• _PROBLEM REQUIREMENTS_:
Would you output the whole listing below, exactly as it reads?

---------------

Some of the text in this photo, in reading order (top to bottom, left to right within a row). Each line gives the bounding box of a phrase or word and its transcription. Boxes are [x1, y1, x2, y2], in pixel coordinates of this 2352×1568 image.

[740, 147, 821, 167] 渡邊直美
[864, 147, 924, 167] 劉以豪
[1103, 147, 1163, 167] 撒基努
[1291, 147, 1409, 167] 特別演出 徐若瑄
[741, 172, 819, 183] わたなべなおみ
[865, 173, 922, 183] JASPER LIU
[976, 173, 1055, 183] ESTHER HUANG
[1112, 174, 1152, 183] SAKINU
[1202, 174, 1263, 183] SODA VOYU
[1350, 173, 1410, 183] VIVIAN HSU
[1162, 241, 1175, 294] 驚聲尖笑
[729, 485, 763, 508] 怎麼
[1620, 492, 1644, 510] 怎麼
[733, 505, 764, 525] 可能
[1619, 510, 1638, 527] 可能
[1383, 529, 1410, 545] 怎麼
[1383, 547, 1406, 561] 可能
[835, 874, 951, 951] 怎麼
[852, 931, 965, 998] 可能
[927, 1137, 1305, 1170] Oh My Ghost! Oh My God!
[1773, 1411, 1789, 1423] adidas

---------------

• _SOLUTION_:
Some of the text in this photo, in reading order (top to bottom, left to right within a row). Each line gives the bounding box of a phrase or word and its transcription. Boxes are [x1, y1, x2, y2], in pixel coordinates of this 2352×1568 image.

[740, 147, 821, 167] 渡邊直美
[864, 147, 924, 167] 劉以豪
[1103, 147, 1163, 167] 撒基努
[1291, 147, 1409, 167] 特別演出 徐若瑄
[741, 172, 819, 183] わたなべなおみ
[865, 173, 922, 183] JASPER LIU
[976, 173, 1055, 183] ESTHER HUANG
[1112, 174, 1152, 183] SAKINU
[1202, 174, 1263, 183] SODA VOYU
[1350, 173, 1410, 183] VIVIAN HSU
[1162, 241, 1175, 294] 驚聲尖笑
[729, 485, 763, 508] 怎麼
[1620, 492, 1644, 510] 怎麼
[733, 505, 764, 525] 可能
[1619, 510, 1638, 527] 可能
[1383, 529, 1410, 545] 怎麼
[1383, 547, 1406, 561] 可能
[835, 874, 951, 951] 怎麼
[852, 931, 965, 998] 可能
[927, 1137, 1305, 1170] Oh My Ghost! Oh My God!
[1773, 1411, 1789, 1423] adidas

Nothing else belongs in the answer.